Another grave concern is its impact on the environment. GPT-3, though touted to be the next "big thing," is not necessarily a conceptual breakthrough. It can be considered as an incremental improvement over GPT and GPT-2. Thus, put in simple words, it is a good idea that is being enabled with even more computing power. This would, naturally, increase the performance with each iteration.
This leads us to our next big question: if such improvements can be seen only through massive computing power applications, what is its impact on the environment? At present, the only consensus, published by ScienceDirect, seems to indicate that such machine-learning technologies are incredibly energy-intensive. However, the exact size of its environmental footprint remains unknown. It is, for a fact, genuinely difficult to measure such activities' effect on the environment.
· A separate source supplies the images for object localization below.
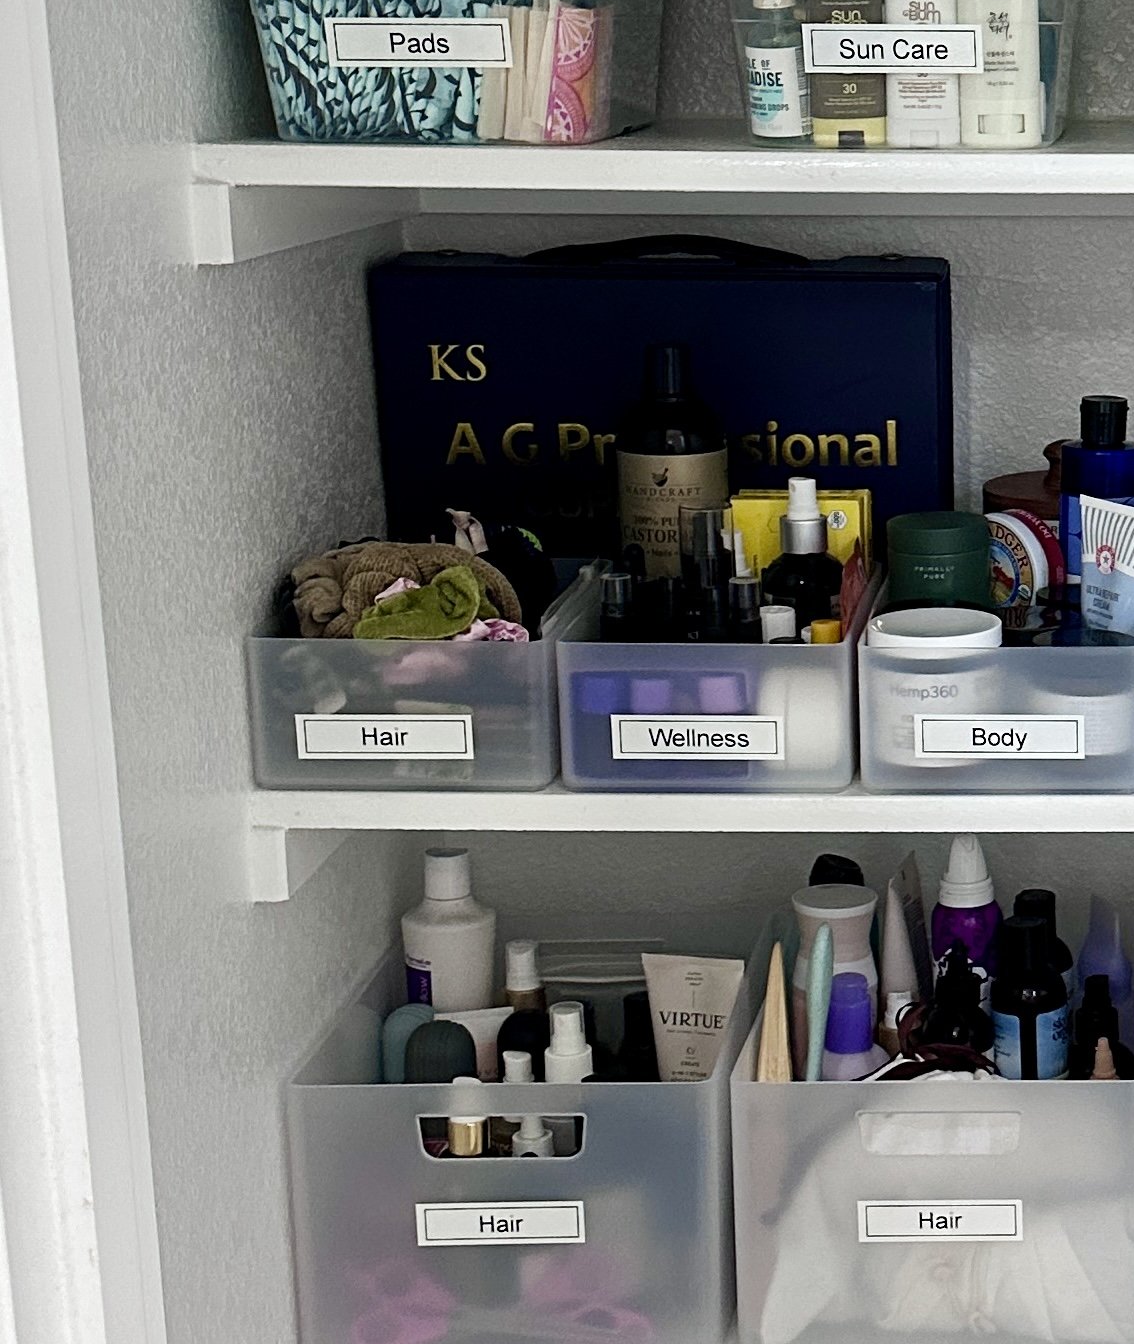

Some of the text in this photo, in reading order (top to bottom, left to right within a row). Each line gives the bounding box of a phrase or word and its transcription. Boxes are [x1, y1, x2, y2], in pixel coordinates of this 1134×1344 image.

[390, 33, 449, 53] Pads
[840, 39, 948, 59] Sun Care
[842, 83, 857, 94] 30
[427, 343, 488, 382] KS
[446, 422, 487, 466] A
[557, 419, 898, 468] Prsional
[362, 727, 408, 745] Hair
[649, 728, 749, 747] Wellness
[973, 728, 1027, 751] Body
[659, 1010, 724, 1030] VIRTUE
[480, 1216, 523, 1232] Hair
[919, 1212, 962, 1229] Hair
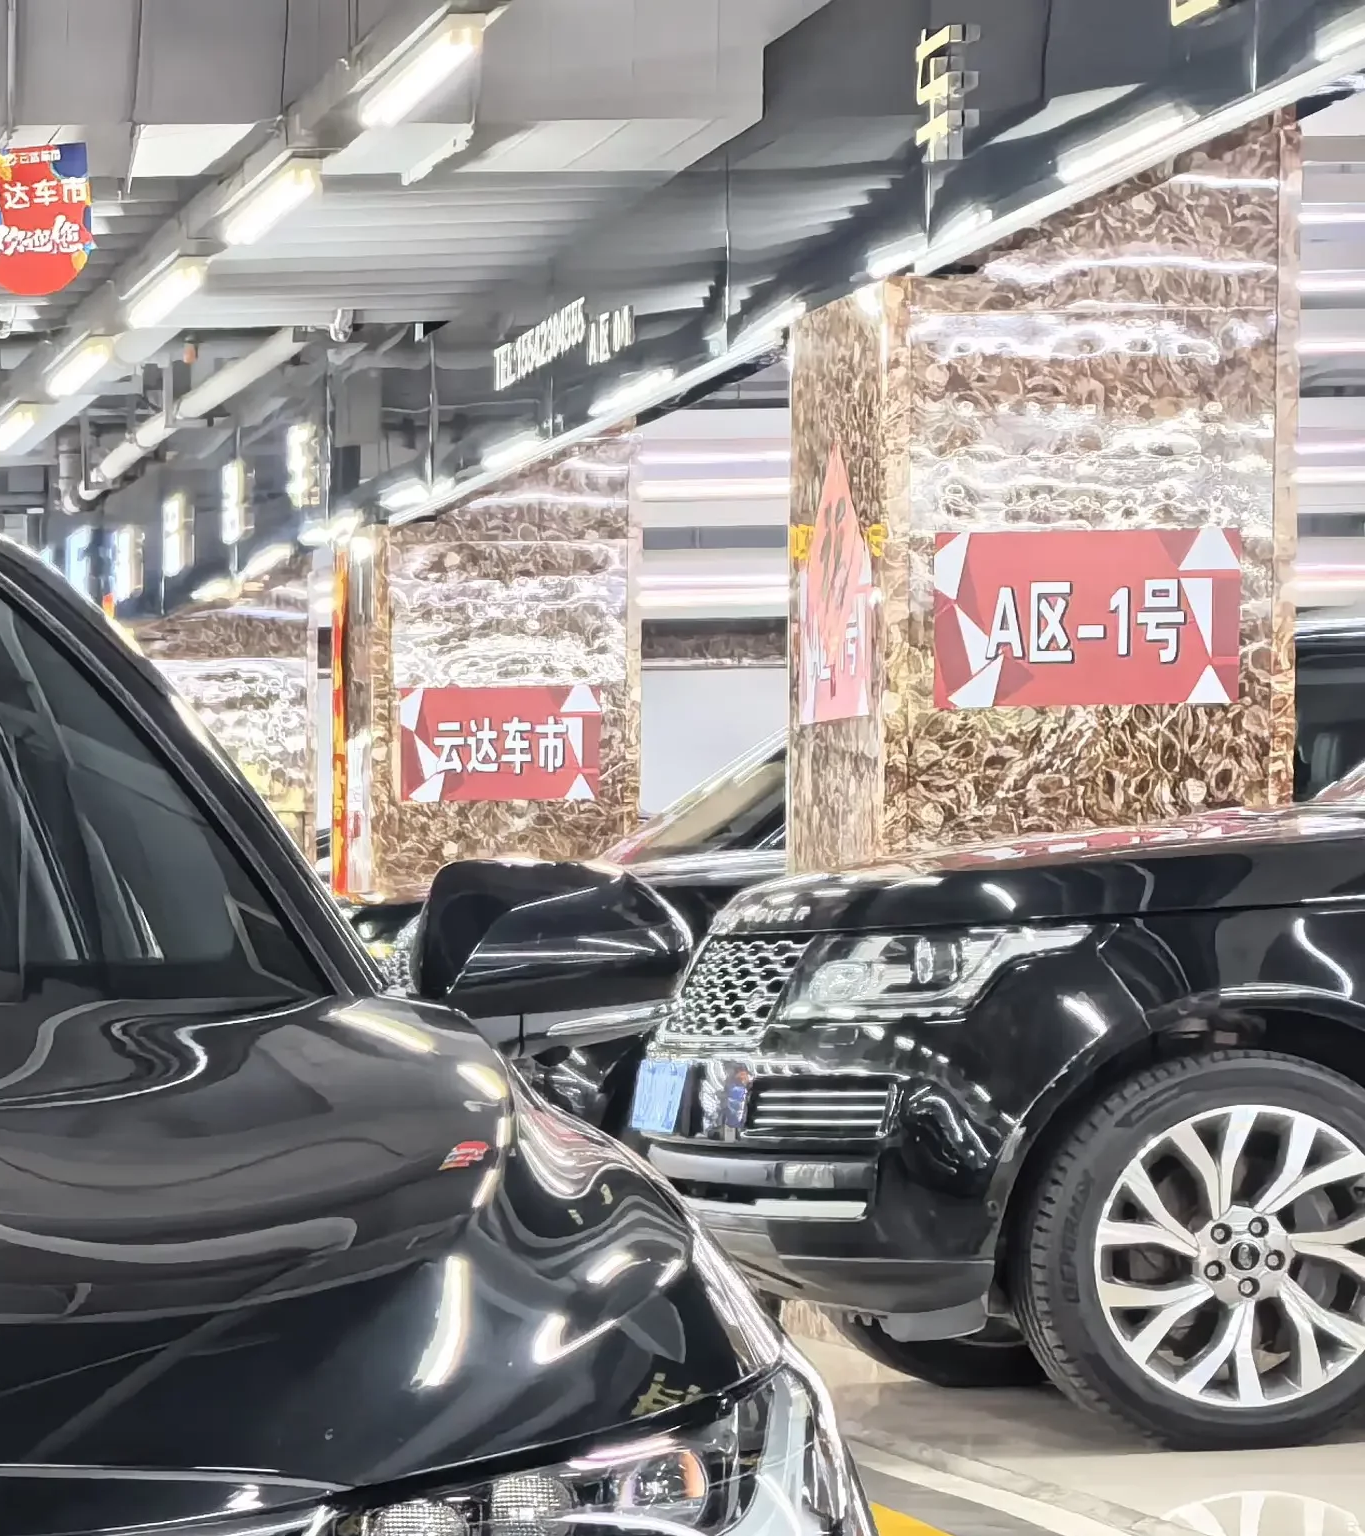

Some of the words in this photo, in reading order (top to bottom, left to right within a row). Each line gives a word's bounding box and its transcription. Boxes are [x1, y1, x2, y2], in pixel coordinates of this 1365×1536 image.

[985, 579, 1186, 663] A区-1号
[433, 715, 567, 776] 云达车市
Nevertheless, it is also because efforts to compute the impact has never been made by the tech industry, owing to the lack of incentive. Remember the Bitcoin and blockchain wave that mesmerized people a few years ago? This went on until someone discovered that Bitcoin mining consumed the same amount of electricity as small countries. GPT-3 and machine-learning may be very impressive and is undoubtedly profitable for tech giants. However, sooner or later, shouldn't we be asking if the planet can afford it?
Given its incredible computing power and user base, GPT-3 is expected to garner this volume of attention. Nevertheless, there are many drawbacks, limitations, and societal and environmental impacts that need to be taken into account. Thus, it can be deduced that GPT-3 is far from complete, and requires massive improvements before it can be made live.